Elisa Álvarez González
Elisa Álvarez SANTIAGO / LA VOZ

CULTURA

El cantante, con 40 millones de discos vendidos, conjuró a la lluvia y cerró a lo grande el festival O Son do Camiño

22 oct 2019 . Actualizado a las 11:19 h.

Aún con la resaca de su último concierto en Zúrich, Lenny Kravitz abrió boca al público gallego con un mensaje en las redes sociales, «os veo en Galicia en el festival O Son do Camiño. Paz». Y así aterrizó en Santiago, en la única jornada en la que la lluvia estuvo muy presente. Eso sí, con Lenny no se atrevió. La Raise Vibration Tour llegó a Compostela. Y sí, el tópico está ya gastado, pero Kravitz volvió a demostrar que los rockeros nunca mueren. Puntual como un reloj suizo, a las 23.22 apareció con chupa y pantalón negro. Arrancó a lo grande, con Fly away, para seguir con clásicos como Dig in o American woman. Fue ahí donde saludó al público y adelantó algunos sencillos de su nuevo trabajo, el número once, como Low o It´s enough. Quedaba una noche con otros temas míticos, I belong to you o Are you gonna go my way, que hicieron vibrar a los festivaleros.
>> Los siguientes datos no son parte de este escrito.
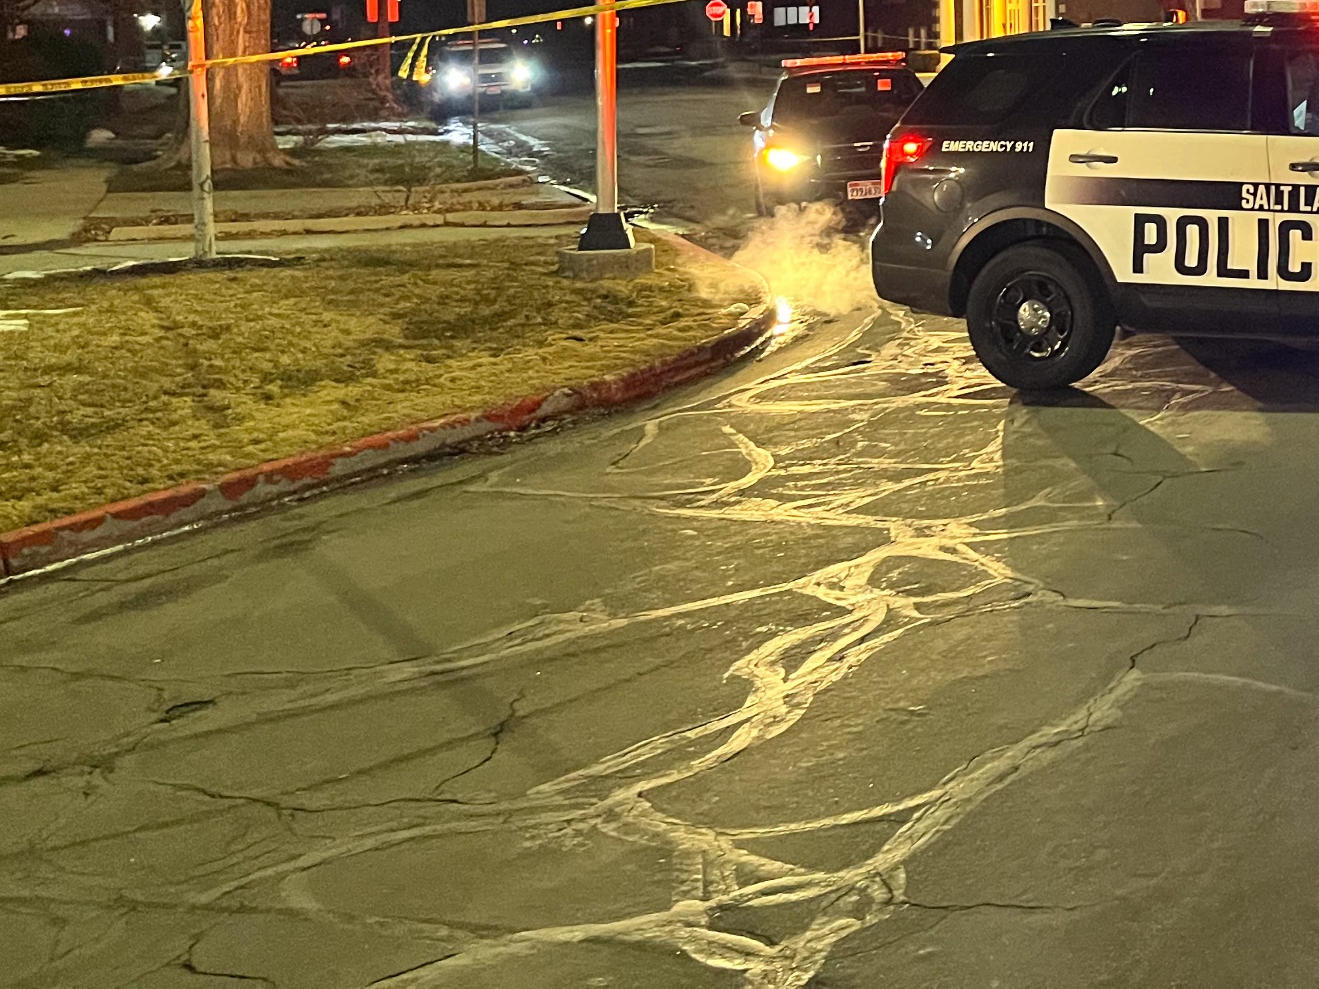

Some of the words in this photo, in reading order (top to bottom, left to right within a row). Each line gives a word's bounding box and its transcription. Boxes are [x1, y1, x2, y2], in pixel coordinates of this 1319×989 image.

[941, 139, 1014, 153] EMERGENCY
[1015, 141, 1034, 153] 911
[1241, 183, 1293, 211] SALT
Fue la última jornada de un festival que reunió en la capital de Galicia a treinta mil personas. La tarde empezó con Terbutalina y Maneskin, una de las últimas incorporaciones al festival, y tras ellos apareció en el escenario The Last Internationale. Delila Paz, su cantante, hizo esfuerzos para hacerse entender en español. Y admitió, «mi padre es de Puerto Rico, así que tendré que aprender más». Arce, rapero compostelano, cogió el testigo con sus letras duras, en las que sexo y drogas son los principales ingredientes. Y lo cierto es que alguna cara escandalizada se vio por sus frases explícitas. Abrió con Shaula y jaleó al público al ritmo de «soy el mejor rapero de España».

PACO RODRÍGUEZ

Pero el punto de inflexión del día fueron Novedades Carminha. Juegan en casa -ya lo avisaron nada más empezar- y a esa hora el público ya entraba en riadas en el escenario principal. Arrancaron con Fiesta tropical, y tocaron esos clásicos que siempre levantan a los festivaleros, Que dios reparta fuerte, Juventud infinita, Te quiero igual o Antigua pero moderna. Fueron, sin duda, uno de los puntales de la jornada, «¡como la Panorama!», jaleaba Carlangas. Morgan y la inmensa voz de Carolina de Juan cambiaron completamente el registro. No son un grupo espectáculo, pero su directo no dejó indiferente a nadie. Mando Diao, veteranos ya en festivales, demostraron su muy buen hacer. Una pieza instrumental para abrir su actuación, Intro, y después algunos de los temas más conocidos de estos suecos de indie rock, Gloria, Shake y, sobre todo, Dance with somebody. Fue ahí cuando el público lo dio todo al grito de: ¡Dance Santiago! Para dar el paso a Kravitz los españoles León Benavente, unos habituales de este tipo de eventos que contentaron a sus seguidores y a los que no lo son tanto con Ser brigada, La Ribera, Se mueve o Ánimo valiente.